MATERIAL FOR THIS EXERCISE below:

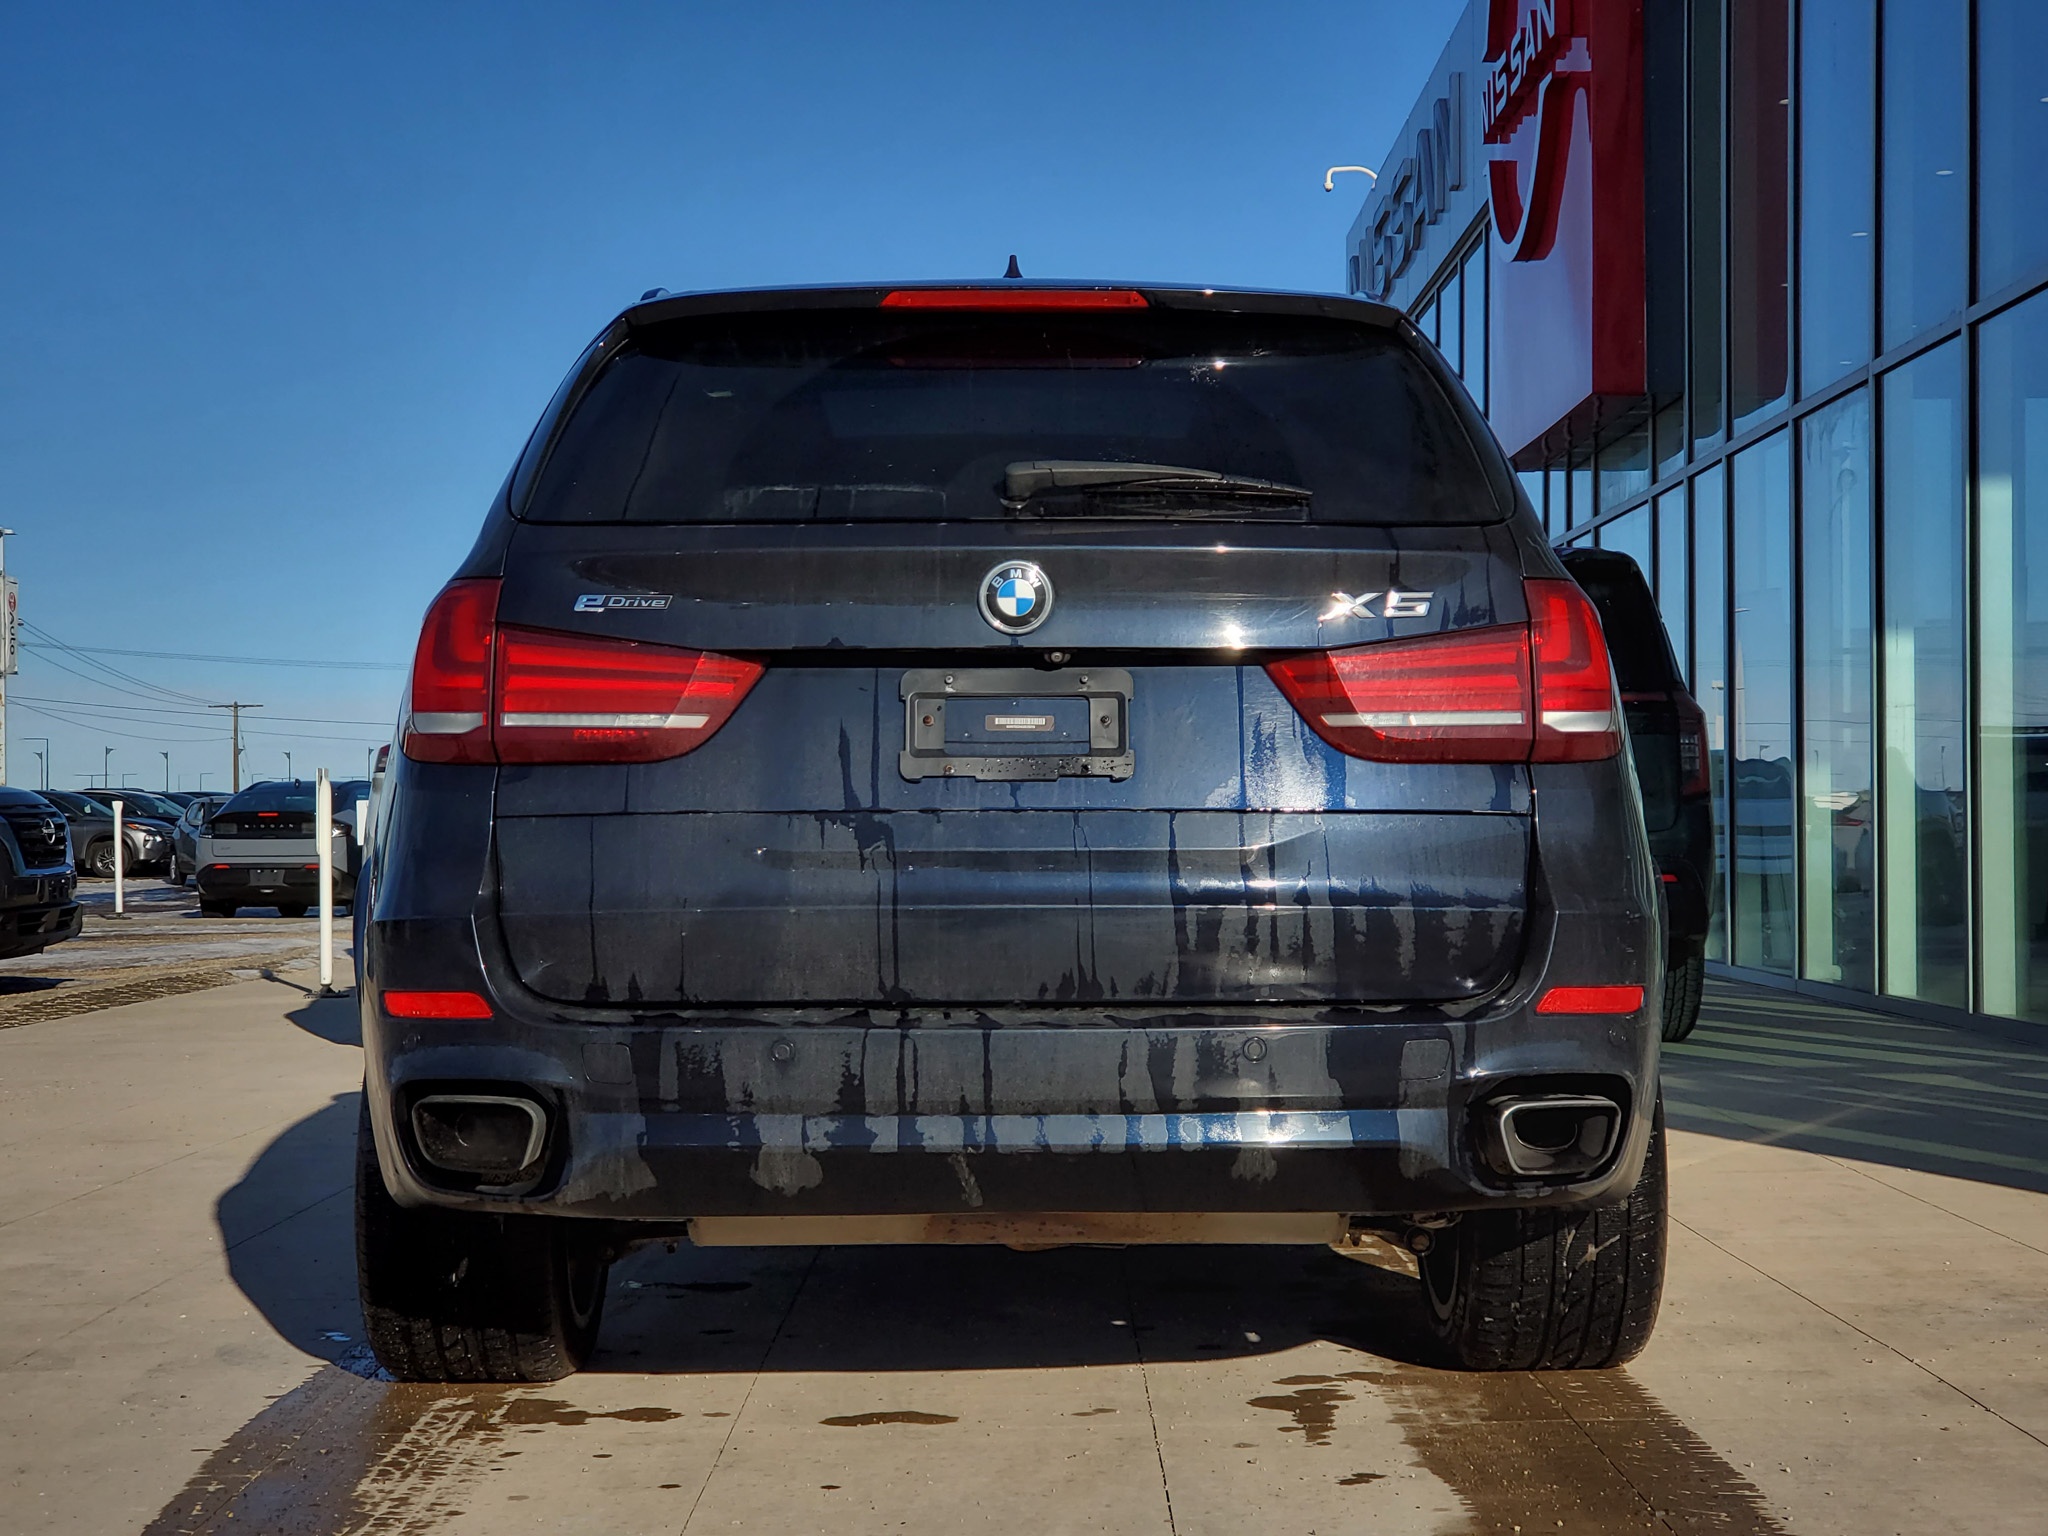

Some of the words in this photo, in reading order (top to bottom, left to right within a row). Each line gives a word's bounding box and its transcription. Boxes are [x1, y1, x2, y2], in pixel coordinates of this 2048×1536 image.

[1481, 0, 1555, 145] NISSAN
[1349, 71, 1465, 303] NISSAN
[991, 568, 1042, 588] BMW
[1317, 591, 1435, 621] X5

End of MATERIAL FOR THIS EXERCISE.

WHAT THE TASK ASKS:
Apart from the pictures, return every entry above exactly as given.

OUTPUT OF THE EXERCISE:
Some of the words in this photo, in reading order (top to bottom, left to right within a row). Each line gives a word's bounding box and its transcription. Boxes are [x1, y1, x2, y2], in pixel coordinates of this 2048×1536 image.

[1481, 0, 1555, 145] NISSAN
[1349, 71, 1465, 303] NISSAN
[991, 568, 1042, 588] BMW
[1317, 591, 1435, 621] X5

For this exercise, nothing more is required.